» **Task details**
An exact transcription of every entry is required. Images are not part of it.

------------------------------------

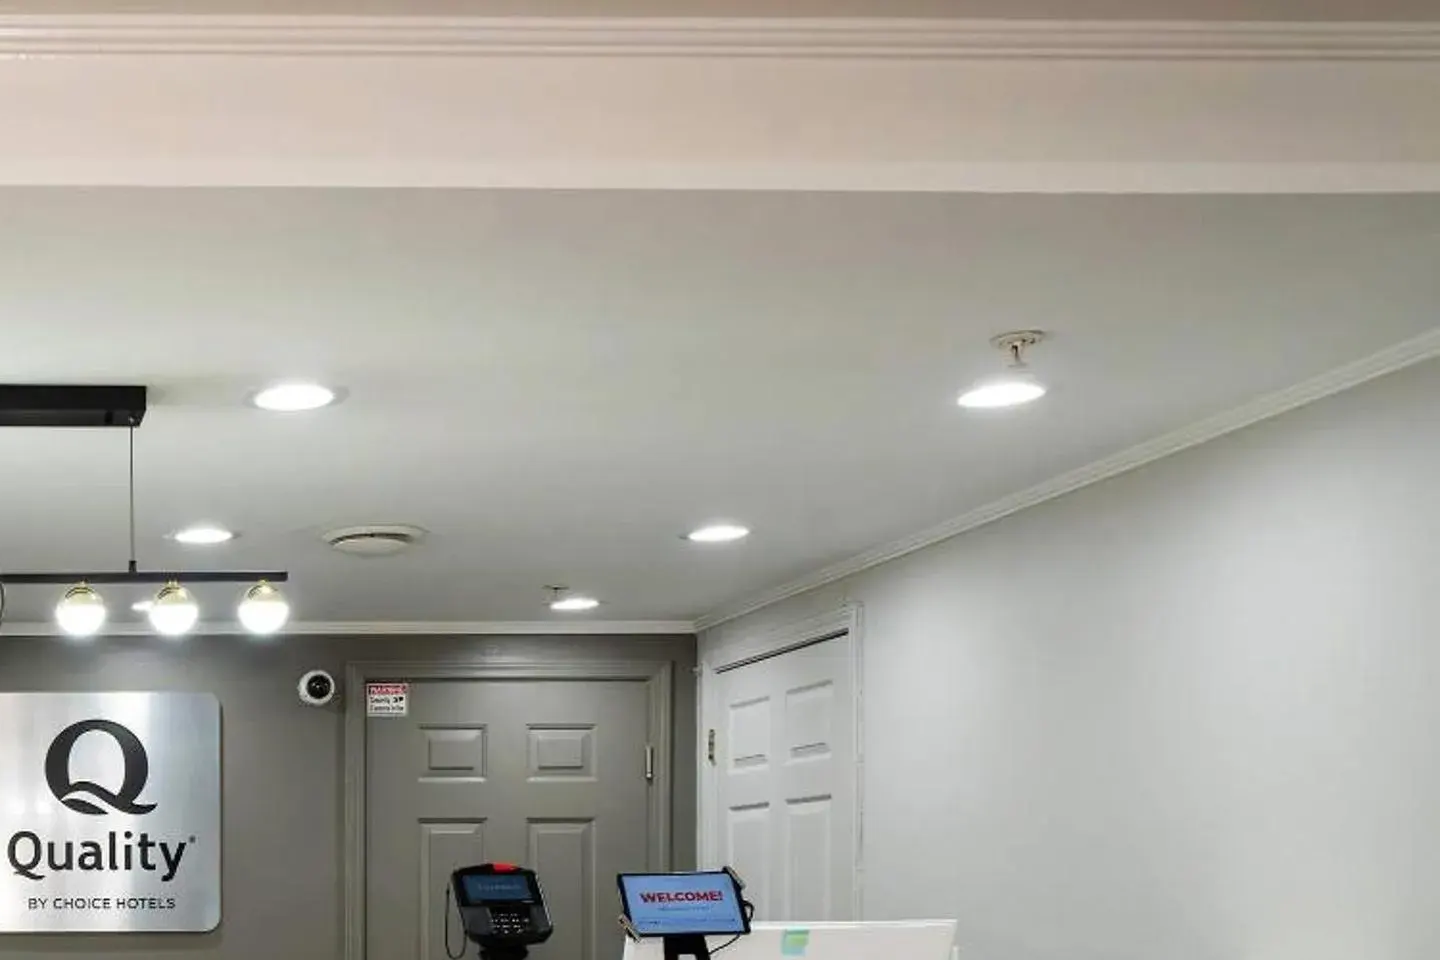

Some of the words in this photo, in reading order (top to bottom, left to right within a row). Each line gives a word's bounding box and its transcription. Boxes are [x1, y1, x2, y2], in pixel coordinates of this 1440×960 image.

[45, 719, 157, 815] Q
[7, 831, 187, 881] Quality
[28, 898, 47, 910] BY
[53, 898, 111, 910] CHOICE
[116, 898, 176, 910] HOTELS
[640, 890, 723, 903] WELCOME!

------------------------------------

» **Solution for this problem**
Some of the words in this photo, in reading order (top to bottom, left to right within a row). Each line gives a word's bounding box and its transcription. Boxes are [x1, y1, x2, y2], in pixel coordinates of this 1440×960 image.

[45, 719, 157, 815] Q
[7, 831, 187, 881] Quality
[28, 898, 47, 910] BY
[53, 898, 111, 910] CHOICE
[116, 898, 176, 910] HOTELS
[640, 890, 723, 903] WELCOME!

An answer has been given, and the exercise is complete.